C’est dans ce séminaire de l’Ethique de la psychanalyse que Lacan va s’attarder très longuement sur ce concept de la Chose, à partir du das Ding freudien. C’est un temps primordial dans la constitution du sujet, « un point initial logiquement et chronologiquement, de l’organisation du monde dans le psychisme – se présente et s’isole comme le terme étranger autour de quoi tourne tout le mouvement de la Vorstellung(10), ».  Un moment où « la structure signifiante s’interpose entre la perception et la conscience(11) » avec un élément isolé par le sujet comme étranger, enfremdet. Das ding est « hors signifié(12) », c’est ce vide central qui va se constituer  dans le premier rapport  du petit humain au prochain, au nebenmensch, divisé entre une partie identifiable,   que je reconnais par  un certain nombre de qualités qui permettront de le retrouver dans la réalité pour la satisfaction des besoins et que je peux ramener à ce que je connais en moi,  et une partie projetée dans un premier dehors. Ce das Ding est cet « Autre préhistorique dont Freud nous affirme la nécessité de la position première sous la forme de quelque chose qui est enfremdet, étranger à moi tout en étant au cœur de ce moi, quelque chose qu’au niveau de l’inconscient, seul représente une représentation(13). » C’est en quelque sorte quelque chose extrêmement intime et que l’on peut qualifier d’ «  extime ». Lacan dira : « Il s’agit de cet intérieur exclu qui, […] est aussi exclu à l’intérieur(14). »

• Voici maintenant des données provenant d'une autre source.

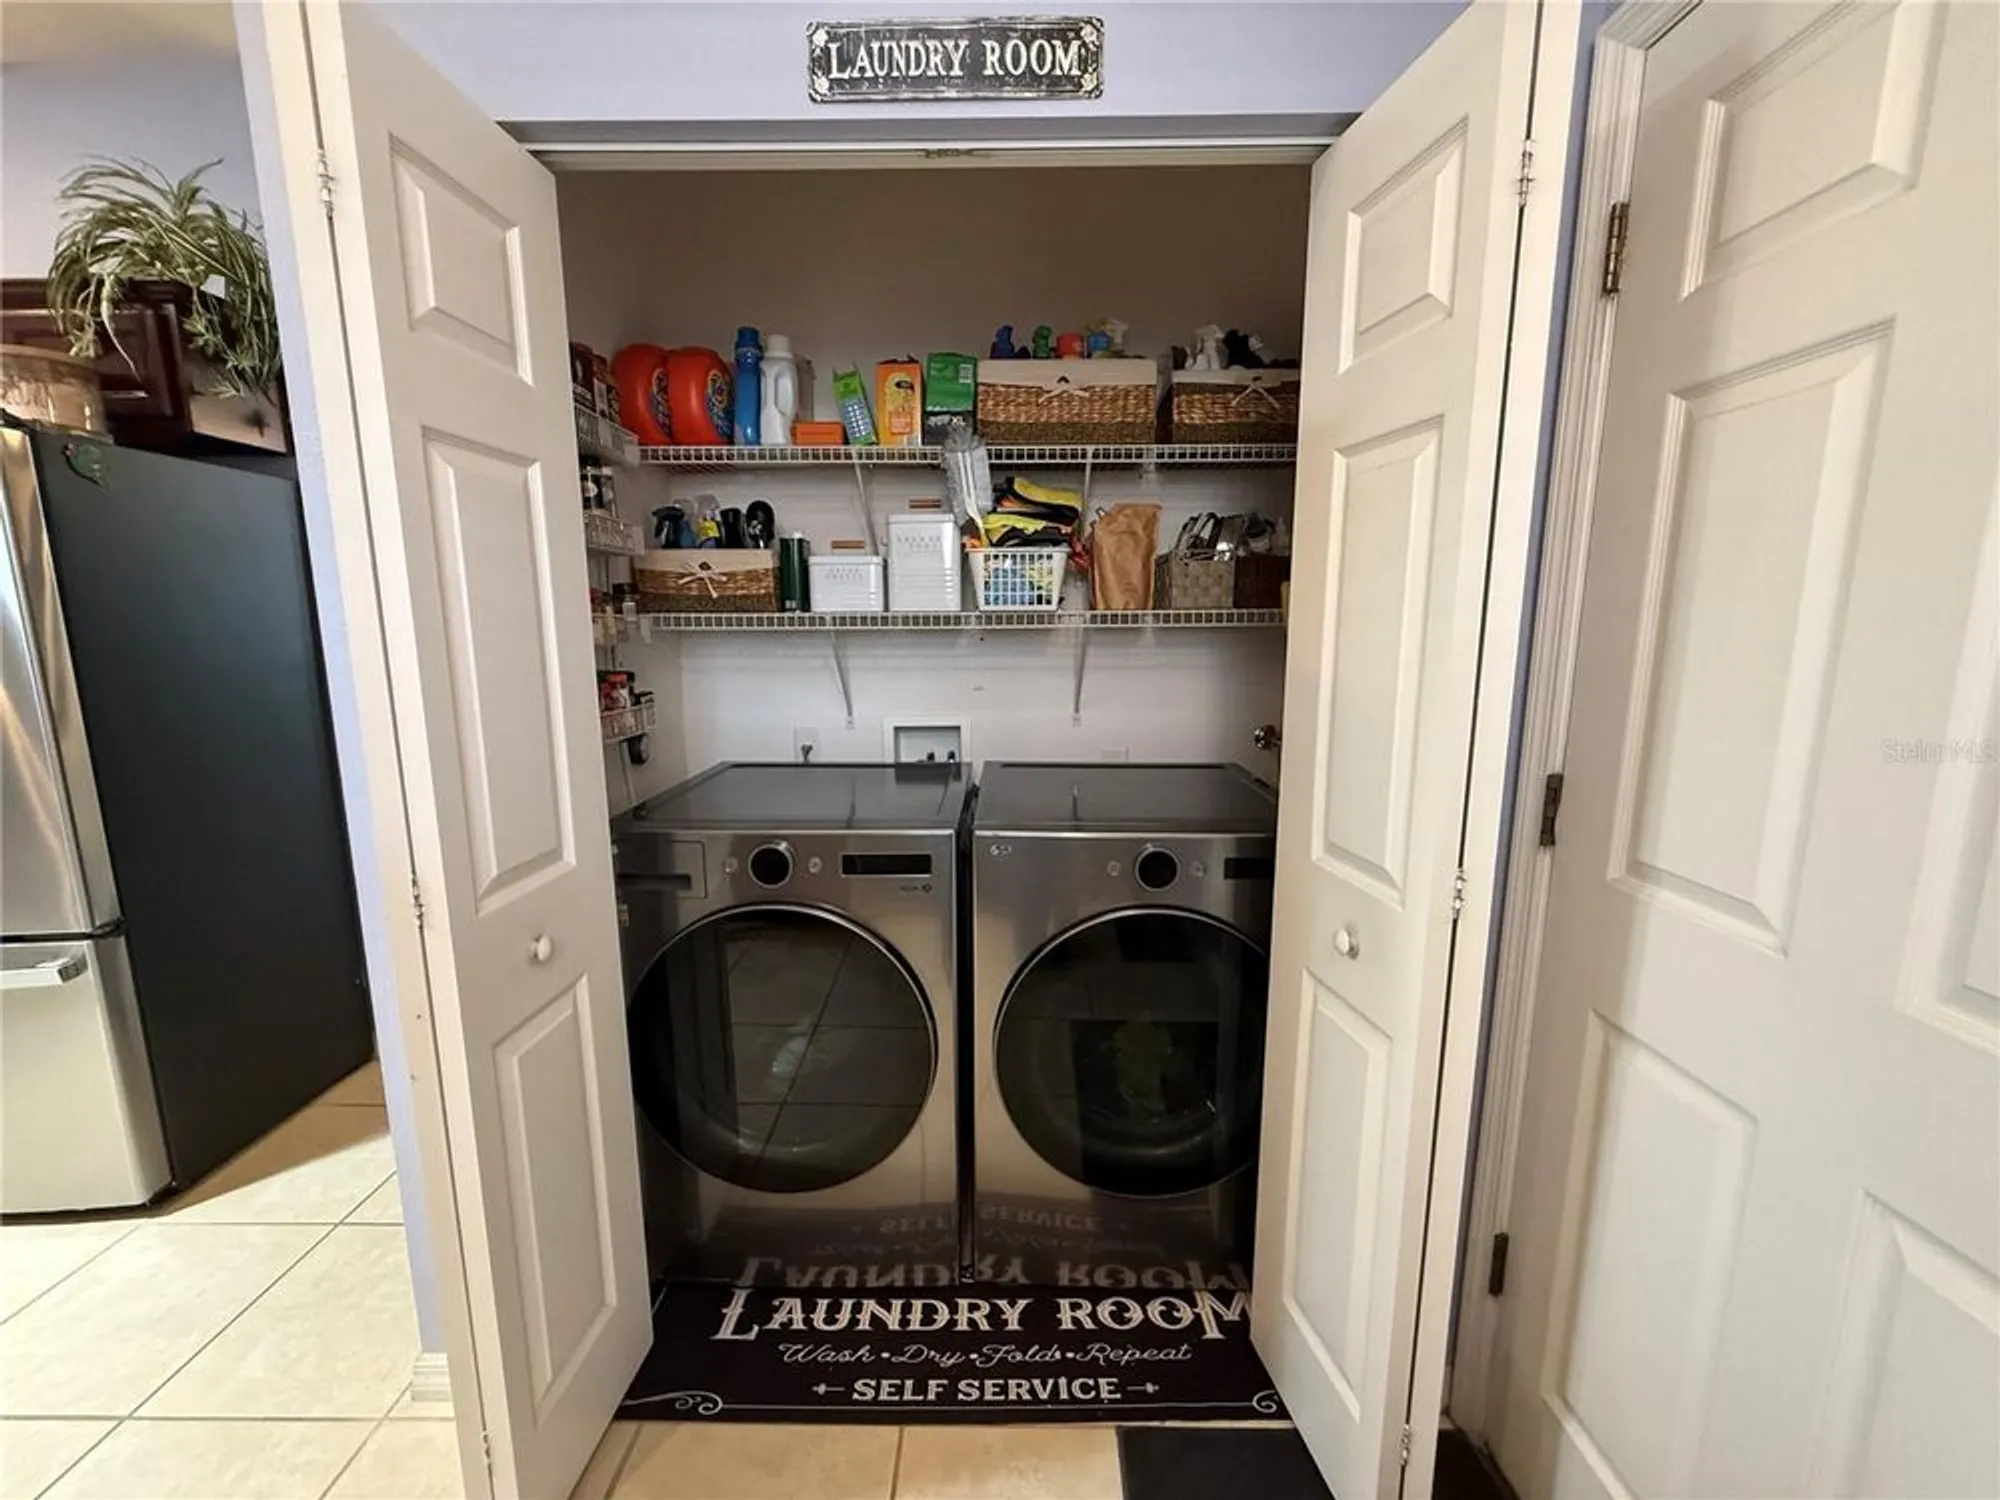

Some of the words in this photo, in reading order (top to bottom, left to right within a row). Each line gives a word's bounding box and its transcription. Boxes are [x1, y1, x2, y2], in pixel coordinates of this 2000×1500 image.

Dans la suite des développements dont Freud fait état à Fliess et de l’élaboration de l’esquisse, puis de son articulation dans la dénégation : Freud parle d’un objet à « retrouver », « il ne s’agit plus de savoir si quelque chose de perçu (une chose), dans le moi doit être admise ou pas, mais si quelque chose de présent en moi comme représentation peut aussi, dans la perception (réalité) être retrouvée(15). »

C’est à partir de das Ding que va s’orienter le rapport du sujet à son monde des souhaits et de désirs, que va se constituer un objet à retrouver.

Ainsi, il faut noter que c’est un temps logique, il est objet à retrouver pour ensuite se dire objet perdu.  Dans ses tentatives et ses recherches le sujet ne pourra jamais retrouver que ses premières Vorstellung Repräsentanzen, organisées associativement selon le principe de plaisir.  Le support des représentations pour Freud est donc les premières traces mnésiques de la rencontre de l’objet, dont les attributs vont constituer les représentations primitives et dont une part restera en tant que Chose  hors du représentable. Le sujet est orienté et mû par une tendance à « retrouver » ; comme si toute quête de l’objet se présentait comme la quête d’un objet foncièrement perdu et comme si toute « trouvaille » de l’objet prenait le sens d’une « retrouvaille » de cet objet perdu. En superposant ces deux notions freudiennes, (notion de la chose et d’objet à retrouver), Lacan fait de das Ding le modèle même de l’objet cherché mais jamais trouvé, objet à la fois absolu et impossible à atteindre, qui engendre la tendance à retrouver alors qu’il n’a jamais été perdu puisque jamais trouvé.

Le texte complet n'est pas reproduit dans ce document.